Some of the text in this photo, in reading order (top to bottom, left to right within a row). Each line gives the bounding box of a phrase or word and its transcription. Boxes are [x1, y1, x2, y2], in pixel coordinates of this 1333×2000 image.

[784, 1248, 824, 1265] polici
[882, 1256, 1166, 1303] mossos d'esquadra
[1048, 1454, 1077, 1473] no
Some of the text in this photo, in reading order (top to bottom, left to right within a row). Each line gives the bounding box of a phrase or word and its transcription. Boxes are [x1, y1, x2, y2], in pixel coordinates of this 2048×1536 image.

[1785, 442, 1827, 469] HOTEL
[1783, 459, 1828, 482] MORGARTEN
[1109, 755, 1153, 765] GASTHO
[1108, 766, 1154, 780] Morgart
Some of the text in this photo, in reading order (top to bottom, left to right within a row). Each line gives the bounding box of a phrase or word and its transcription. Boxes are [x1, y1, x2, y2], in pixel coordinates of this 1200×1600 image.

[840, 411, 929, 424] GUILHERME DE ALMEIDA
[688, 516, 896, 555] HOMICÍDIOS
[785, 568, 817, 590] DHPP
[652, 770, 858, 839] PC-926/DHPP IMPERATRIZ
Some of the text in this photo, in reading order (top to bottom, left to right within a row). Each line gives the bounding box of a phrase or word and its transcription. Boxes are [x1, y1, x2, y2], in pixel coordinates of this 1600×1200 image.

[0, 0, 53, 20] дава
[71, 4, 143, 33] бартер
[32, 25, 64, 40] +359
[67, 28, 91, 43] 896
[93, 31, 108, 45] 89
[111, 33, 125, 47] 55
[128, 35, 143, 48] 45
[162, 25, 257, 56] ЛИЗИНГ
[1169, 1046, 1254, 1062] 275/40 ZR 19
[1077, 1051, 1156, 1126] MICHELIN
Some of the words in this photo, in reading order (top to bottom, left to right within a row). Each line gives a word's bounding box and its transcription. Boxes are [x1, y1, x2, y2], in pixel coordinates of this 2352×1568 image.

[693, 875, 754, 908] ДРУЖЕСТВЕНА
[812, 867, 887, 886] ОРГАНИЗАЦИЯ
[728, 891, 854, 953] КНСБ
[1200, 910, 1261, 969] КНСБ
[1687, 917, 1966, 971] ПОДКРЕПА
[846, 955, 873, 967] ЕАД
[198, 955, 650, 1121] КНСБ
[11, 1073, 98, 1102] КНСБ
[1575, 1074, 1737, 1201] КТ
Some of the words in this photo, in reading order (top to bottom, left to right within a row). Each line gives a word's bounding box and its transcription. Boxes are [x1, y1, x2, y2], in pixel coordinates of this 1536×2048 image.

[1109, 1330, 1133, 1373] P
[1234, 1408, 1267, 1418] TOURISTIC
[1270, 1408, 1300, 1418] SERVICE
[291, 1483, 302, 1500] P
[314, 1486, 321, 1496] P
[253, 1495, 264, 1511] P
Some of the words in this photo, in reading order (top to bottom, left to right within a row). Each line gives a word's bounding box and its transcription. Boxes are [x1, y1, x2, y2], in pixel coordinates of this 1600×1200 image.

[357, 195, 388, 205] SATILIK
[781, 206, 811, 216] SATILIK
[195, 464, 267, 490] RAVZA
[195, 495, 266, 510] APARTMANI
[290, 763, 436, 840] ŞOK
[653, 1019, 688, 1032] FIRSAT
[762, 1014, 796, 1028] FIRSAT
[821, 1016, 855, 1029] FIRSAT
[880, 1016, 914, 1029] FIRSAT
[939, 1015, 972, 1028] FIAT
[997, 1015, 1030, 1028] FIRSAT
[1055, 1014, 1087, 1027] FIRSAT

++++++++

*EXERCISE DESCRIPTION*
Output every record in full, exactly as it was given.

*SOLUTION TO THE EXERCISE*
Some of the text in this photo, in reading order (top to bottom, left to right within a row). Each line gives the bounding box of a phrase or word and its transcription. Boxes are [x1, y1, x2, y2], in pixel coordinates of this 1333×2000 image.

[784, 1248, 824, 1265] polici
[882, 1256, 1166, 1303] mossos d'esquadra
[1048, 1454, 1077, 1473] no
Some of the text in this photo, in reading order (top to bottom, left to right within a row). Each line gives the bounding box of a phrase or word and its transcription. Boxes are [x1, y1, x2, y2], in pixel coordinates of this 2048×1536 image.

[1785, 442, 1827, 469] HOTEL
[1783, 459, 1828, 482] MORGARTEN
[1109, 755, 1153, 765] GASTHO
[1108, 766, 1154, 780] Morgart
Some of the text in this photo, in reading order (top to bottom, left to right within a row). Each line gives the bounding box of a phrase or word and its transcription. Boxes are [x1, y1, x2, y2], in pixel coordinates of this 1200×1600 image.

[840, 411, 929, 424] GUILHERME DE ALMEIDA
[688, 516, 896, 555] HOMICÍDIOS
[785, 568, 817, 590] DHPP
[652, 770, 858, 839] PC-926/DHPP IMPERATRIZ
Some of the text in this photo, in reading order (top to bottom, left to right within a row). Each line gives the bounding box of a phrase or word and its transcription. Boxes are [x1, y1, x2, y2], in pixel coordinates of this 1600×1200 image.

[0, 0, 53, 20] дава
[71, 4, 143, 33] бартер
[32, 25, 64, 40] +359
[67, 28, 91, 43] 896
[93, 31, 108, 45] 89
[111, 33, 125, 47] 55
[128, 35, 143, 48] 45
[162, 25, 257, 56] ЛИЗИНГ
[1169, 1046, 1254, 1062] 275/40 ZR 19
[1077, 1051, 1156, 1126] MICHELIN
Some of the words in this photo, in reading order (top to bottom, left to right within a row). Each line gives a word's bounding box and its transcription. Boxes are [x1, y1, x2, y2], in pixel coordinates of this 2352×1568 image.

[693, 875, 754, 908] ДРУЖЕСТВЕНА
[812, 867, 887, 886] ОРГАНИЗАЦИЯ
[728, 891, 854, 953] КНСБ
[1200, 910, 1261, 969] КНСБ
[1687, 917, 1966, 971] ПОДКРЕПА
[846, 955, 873, 967] ЕАД
[198, 955, 650, 1121] КНСБ
[11, 1073, 98, 1102] КНСБ
[1575, 1074, 1737, 1201] КТ
Some of the words in this photo, in reading order (top to bottom, left to right within a row). Each line gives a word's bounding box and its transcription. Boxes are [x1, y1, x2, y2], in pixel coordinates of this 1536×2048 image.

[1109, 1330, 1133, 1373] P
[1234, 1408, 1267, 1418] TOURISTIC
[1270, 1408, 1300, 1418] SERVICE
[291, 1483, 302, 1500] P
[314, 1486, 321, 1496] P
[253, 1495, 264, 1511] P
Some of the words in this photo, in reading order (top to bottom, left to right within a row). Each line gives a word's bounding box and its transcription. Boxes are [x1, y1, x2, y2], in pixel coordinates of this 1600×1200 image.

[357, 195, 388, 205] SATILIK
[781, 206, 811, 216] SATILIK
[195, 464, 267, 490] RAVZA
[195, 495, 266, 510] APARTMANI
[290, 763, 436, 840] ŞOK
[653, 1019, 688, 1032] FIRSAT
[762, 1014, 796, 1028] FIRSAT
[821, 1016, 855, 1029] FIRSAT
[880, 1016, 914, 1029] FIRSAT
[939, 1015, 972, 1028] FIAT
[997, 1015, 1030, 1028] FIRSAT
[1055, 1014, 1087, 1027] FIRSAT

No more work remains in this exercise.